Pues mi próximo viaje es a Japón, así que Kioto y Tokio están en el punto de mira…
¿Cuál es el lugar que has visitado que más te ha impresionado? Desde el punto de vista de la fotografía callejera ¿sería el mismo u otro?
Nueva York. Desde el punto de vista callejera, no puedo opinar durante ese viaje porque entonces no estaba yo muy por la labor de hacer foto de calle, pero desde luego volvería para hacer fotografía de calle consciente.
¿Tienes preferencia en cuanto a fotografiar en blanco y negro o en color? ¿A qué se debe?
Me gustan ambos, pero el blanco y negro… tiene un no sé qué, que me tiene enamorada.
¿Prefieres en digital o en analógico y por qué?
Analógico. Ahora estoy muy a favor de hacerlo todo en modo artesanal, lento, con mimo…
Si tuvieses que elegir un único fotolibro, ¿cuál sería y por qué?

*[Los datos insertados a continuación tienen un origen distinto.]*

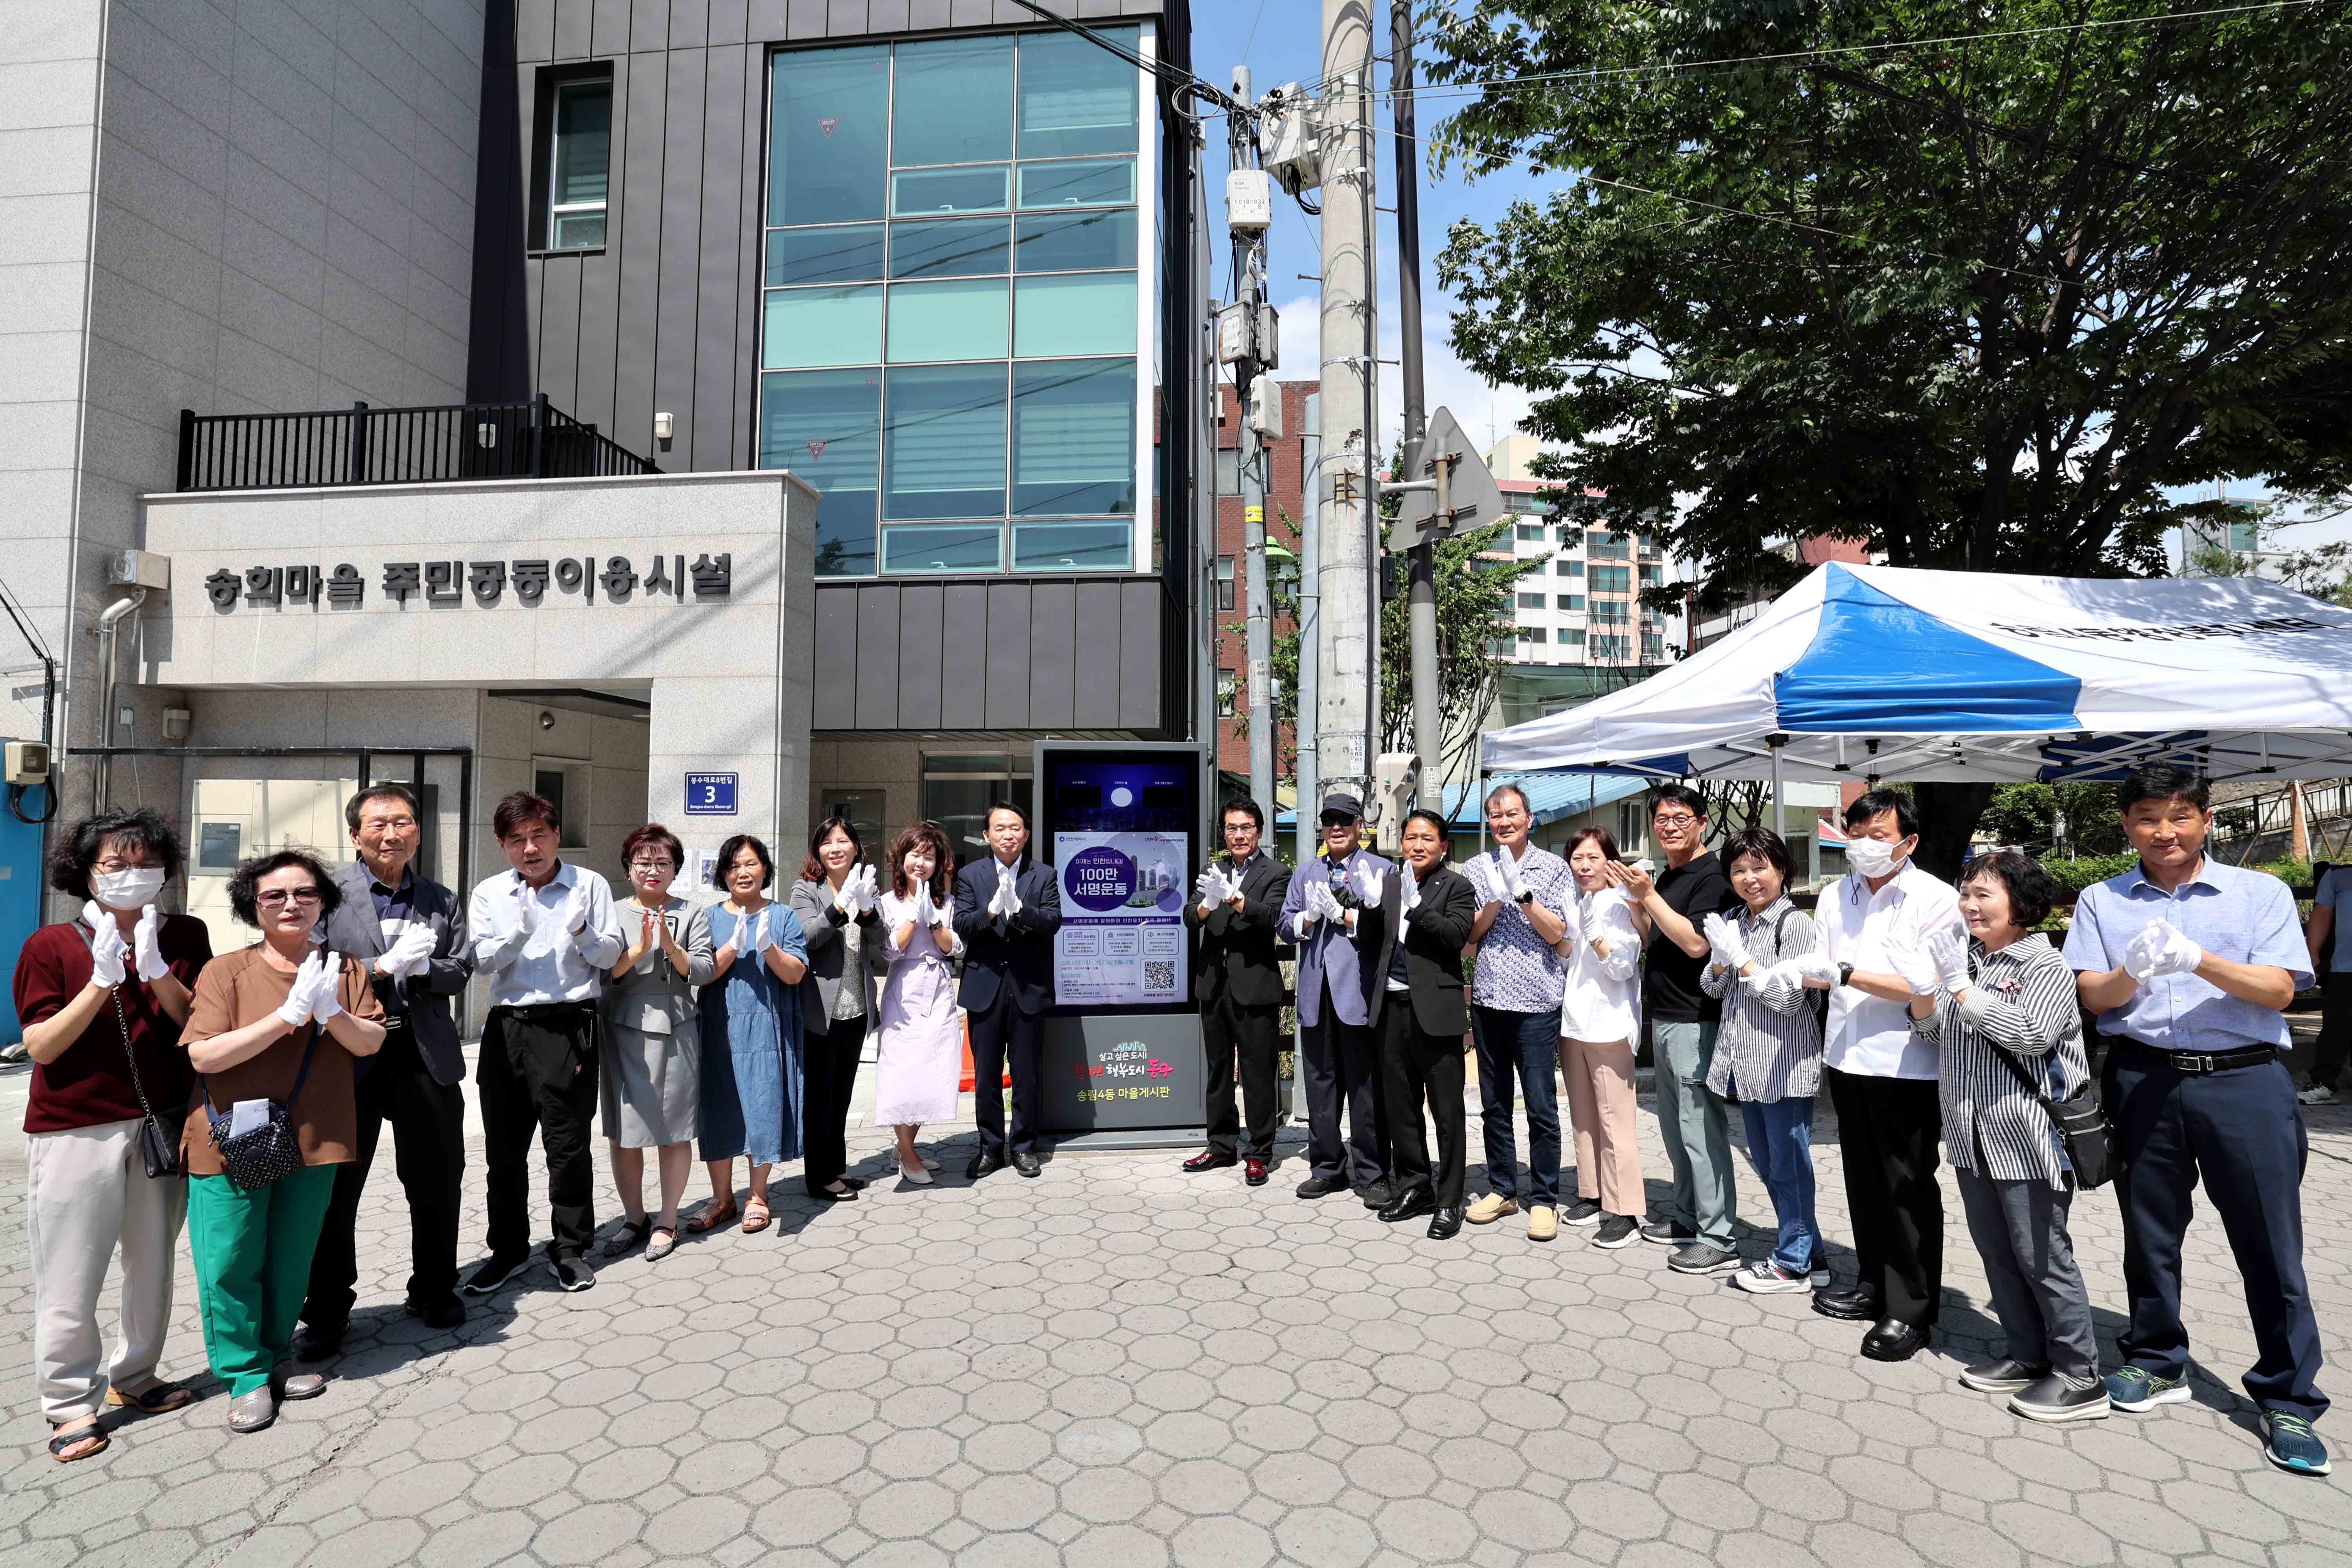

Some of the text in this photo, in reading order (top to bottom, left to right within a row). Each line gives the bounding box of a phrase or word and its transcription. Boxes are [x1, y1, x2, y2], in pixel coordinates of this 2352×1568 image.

The Day May Break– Nick Brandt. Por la luz y la atmósfera de sus fotografías. Es brutal.
Si sólo tuvieras la posibilidad de realizar un único disparo ¿qué inmortalizarías para siempre?
No podría ser solo una única cosa… jajaja, a eso se le llama tortura, jajajaja…
Solo puedes elegir una: a) viajar donde quieras pero sin posibilidad de realizar fotografías. b) fotografiar cuanto quieras pero siempre en un mismo lugar. ¿Cuál eliges?
¡Ufff!, ¡qué difícil! Aunque creo que escogería la opción A. Con los ojos y la mente, también se hacen fotografías. Todo aquello que me ha impactado, ha quedado grabado en mi retina y, por consiguiente, en mi memoria.
¿Qué te aporta pertenecer al Club?
Lo veremos sobre la marcha, aunque espero nutrirme de los conocimientos de l@s compis.
¿Qué le dirías a tú yo de hace 15 o más años?
No trabajes tanto, sal ahí fuera. (Parezco Gandalf diciéndole a Bilbo “el mundo no está en tus libros y mapas, está ahí fuera”, jajaj; pues eso, soy mi propio Gandalf).
¿Cómo te imaginas dentro de 15 años? ¿Crees que seguirás haciendo fotos?
Eso espero…
¿Quieres añadir algo más? Este espacio es todo tuyo.
Tengo la cabeza como un bombo después de tanta pregunta, jajajaja. No sé si dentro de un tiempo volvería a contestar lo mismo en algunas, quizá sí, o quizá no, la experiencia me dice que a medida que adquirimos experiencia cambiamos.
La vida es un cambio constante, y en la fotografía, no va a ser menos. Arrancamos motores para iniciar rumbo a un nuevo cambio, aunque sea a ritmo lento, pero siempre con ganas de aprender.